### INSTRUCTIONS TO FOLLOW
All the data below goes into the copy word for word, but the pictures don't.

(Saved entries)
=== Section Start ===

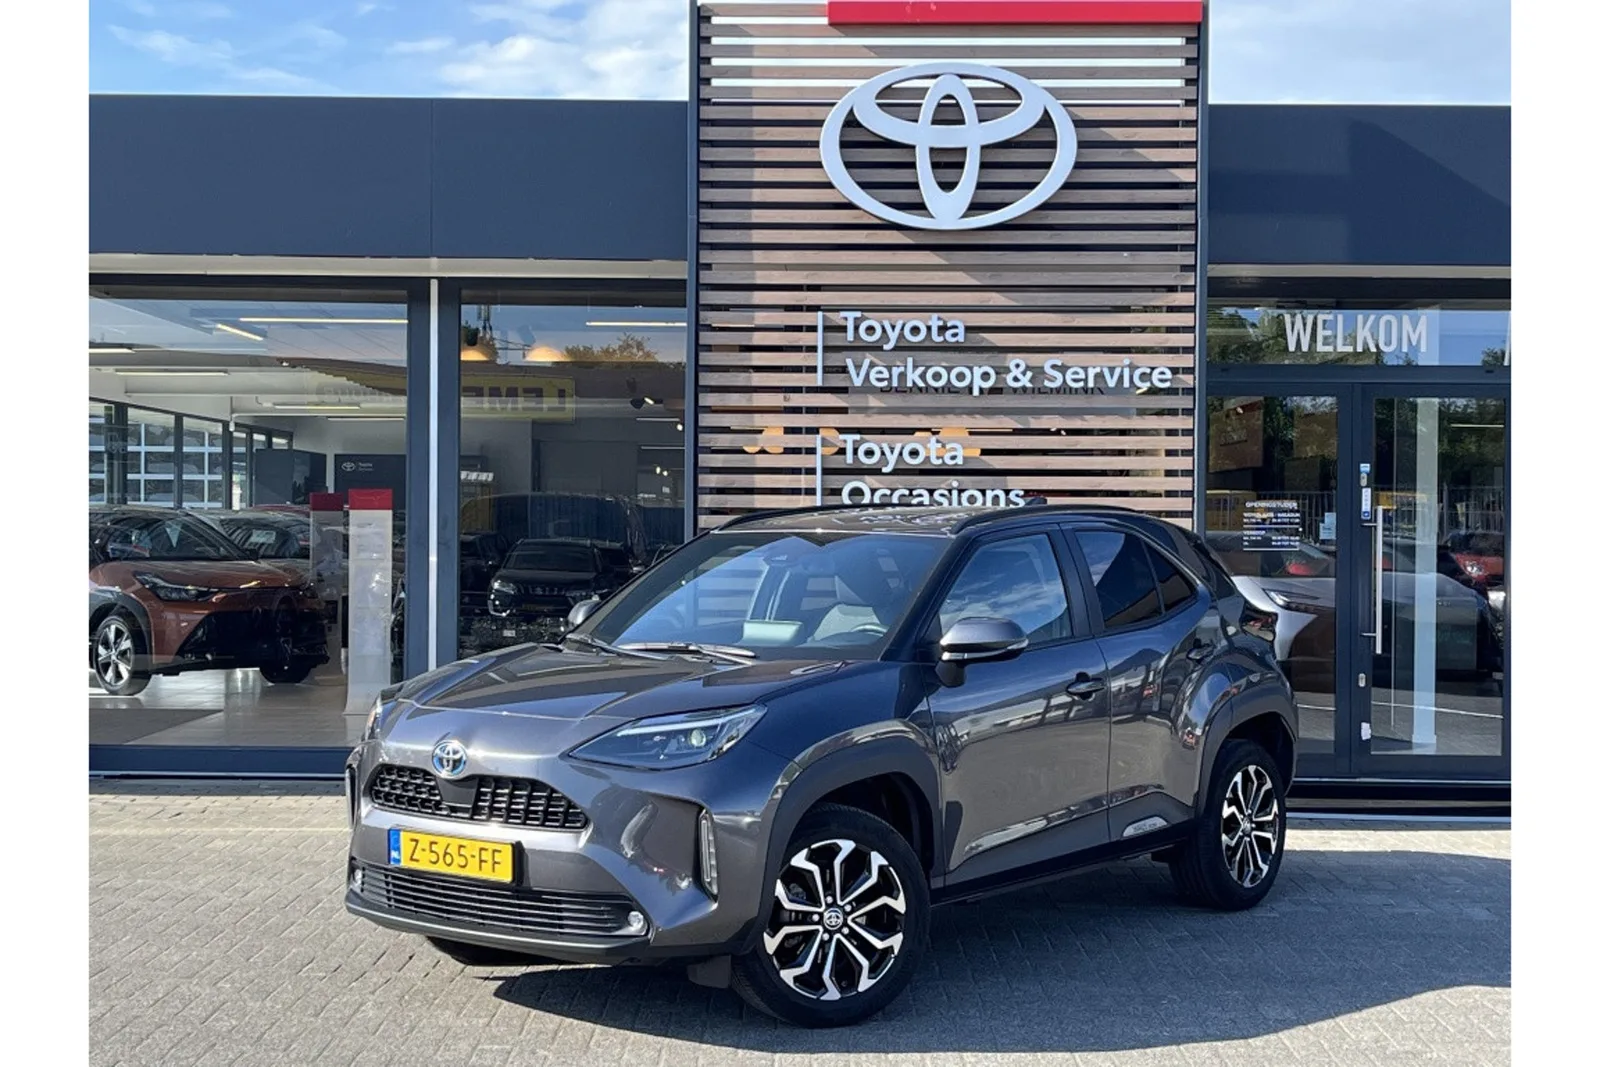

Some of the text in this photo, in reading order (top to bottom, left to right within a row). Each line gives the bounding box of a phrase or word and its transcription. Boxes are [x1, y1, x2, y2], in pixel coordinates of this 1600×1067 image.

[839, 311, 966, 351] Toyota
[1284, 313, 1428, 353] WELKOM
[845, 357, 1173, 397] Verkoop & Service
[839, 434, 964, 474] Toyota
[841, 480, 1026, 508] Occasions
[409, 838, 502, 873] Z-565-FF
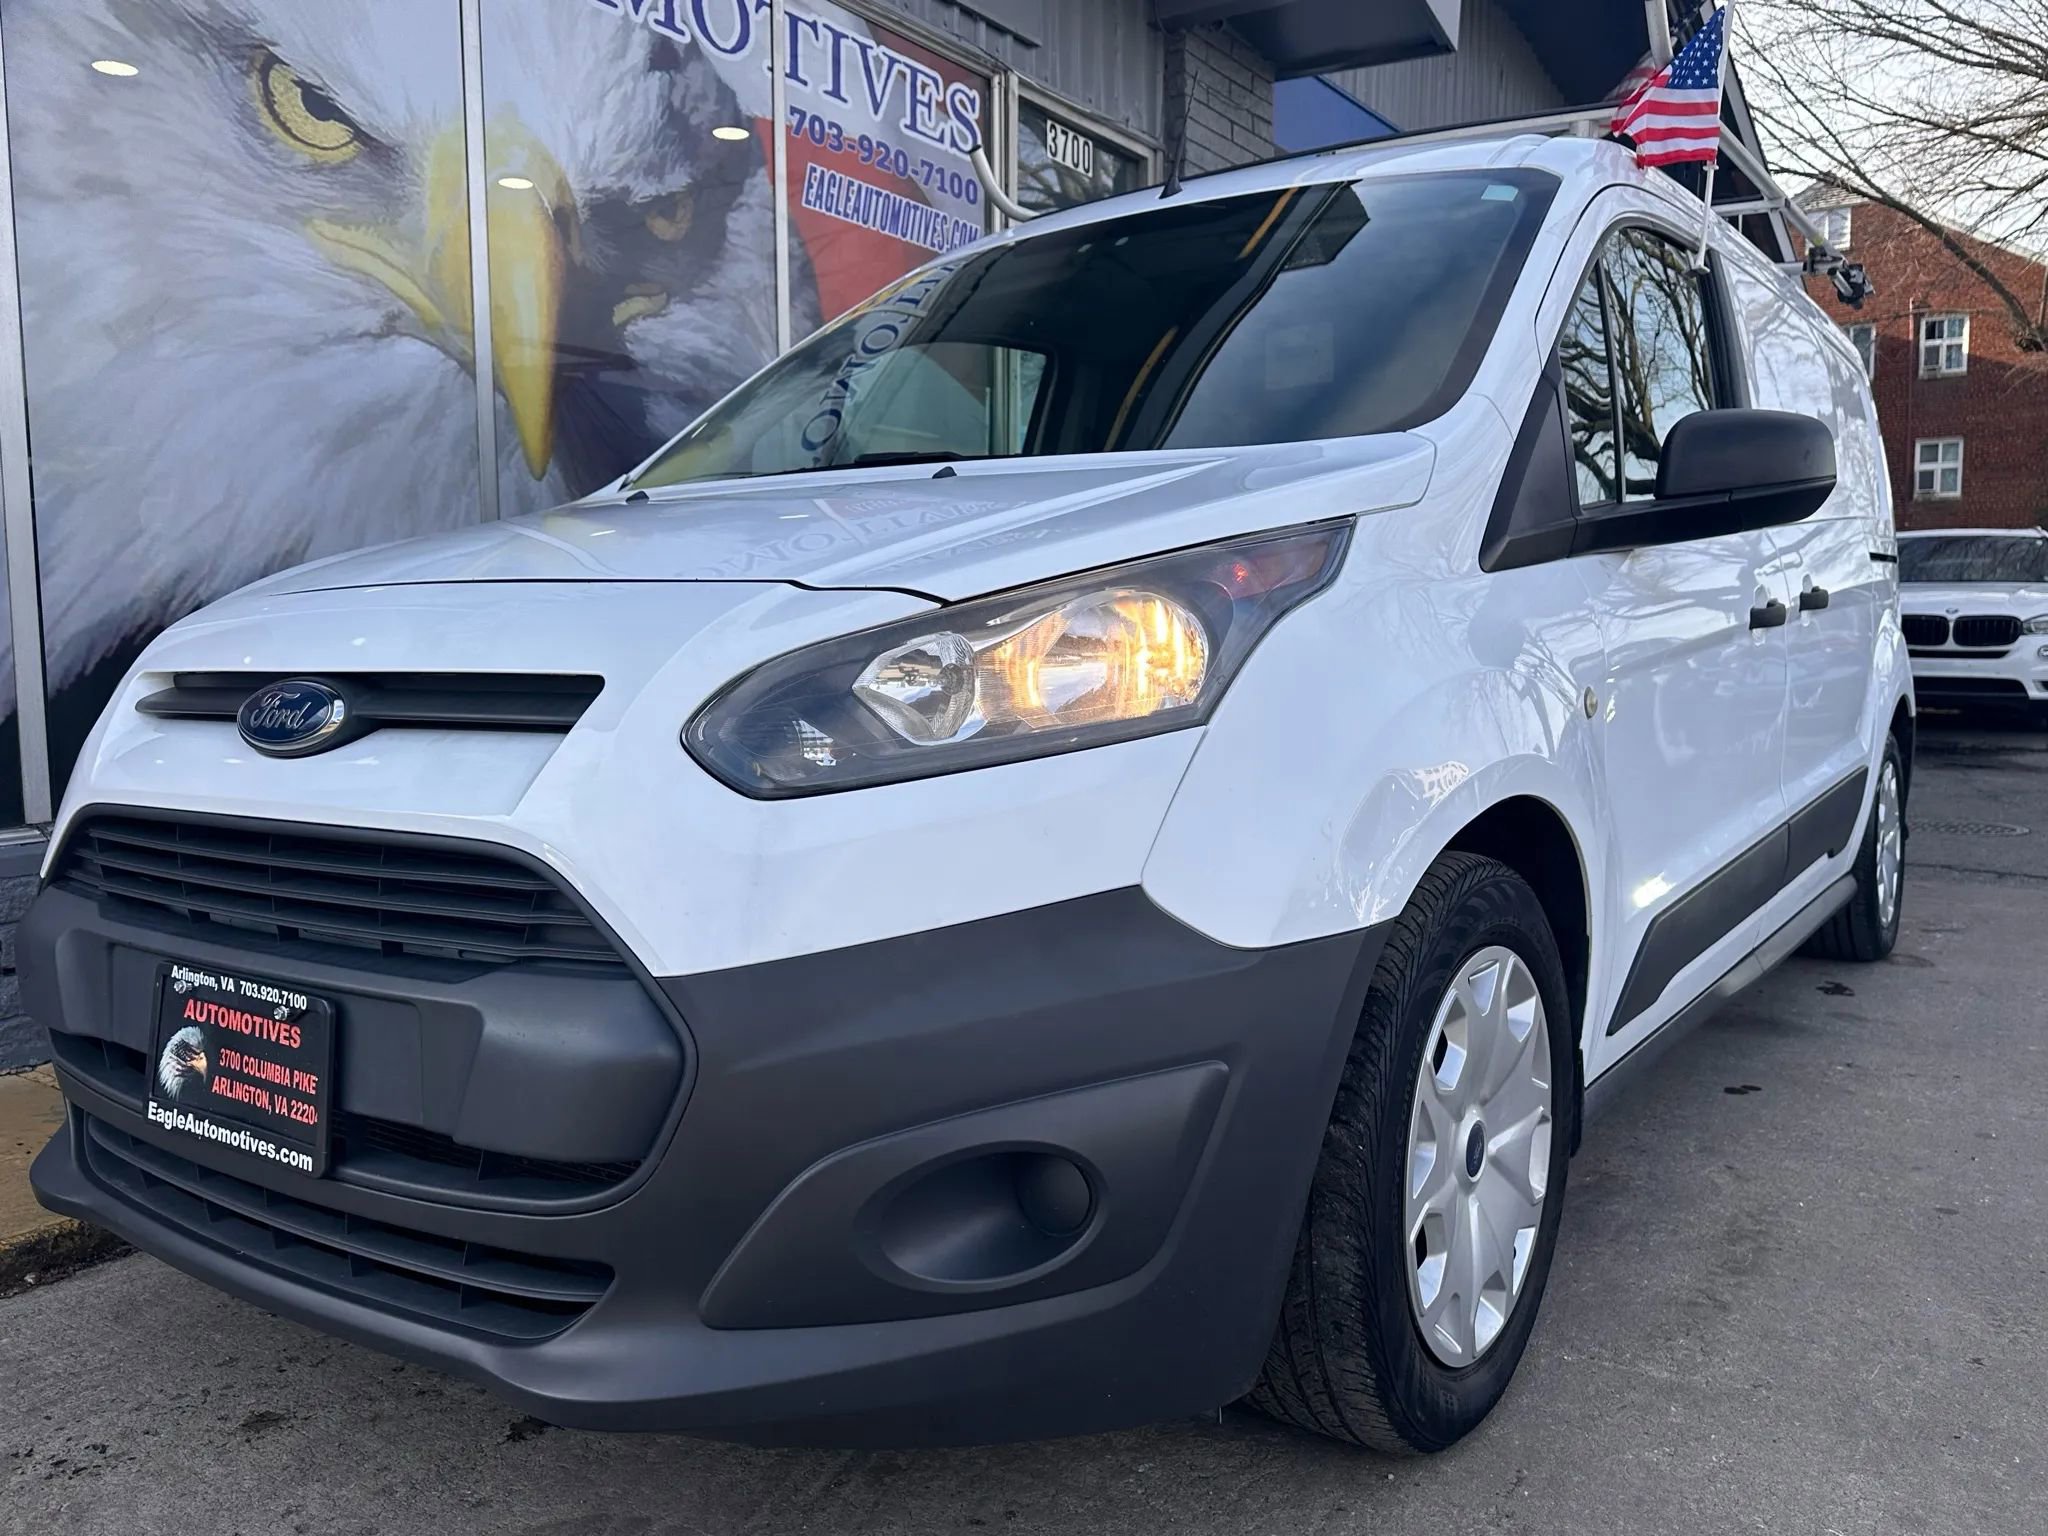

=== Section End ===

### OUTPUT OF THE TASK
Some of the text in this photo, in reading order (top to bottom, left to right within a row). Each line gives the bounding box of a phrase or word and its transcription. Boxes are [x1, y1, x2, y2], in pixel coordinates of this 1600×1067 image.

[839, 311, 966, 351] Toyota
[1284, 313, 1428, 353] WELKOM
[845, 357, 1173, 397] Verkoop & Service
[839, 434, 964, 474] Toyota
[841, 480, 1026, 508] Occasions
[409, 838, 502, 873] Z-565-FF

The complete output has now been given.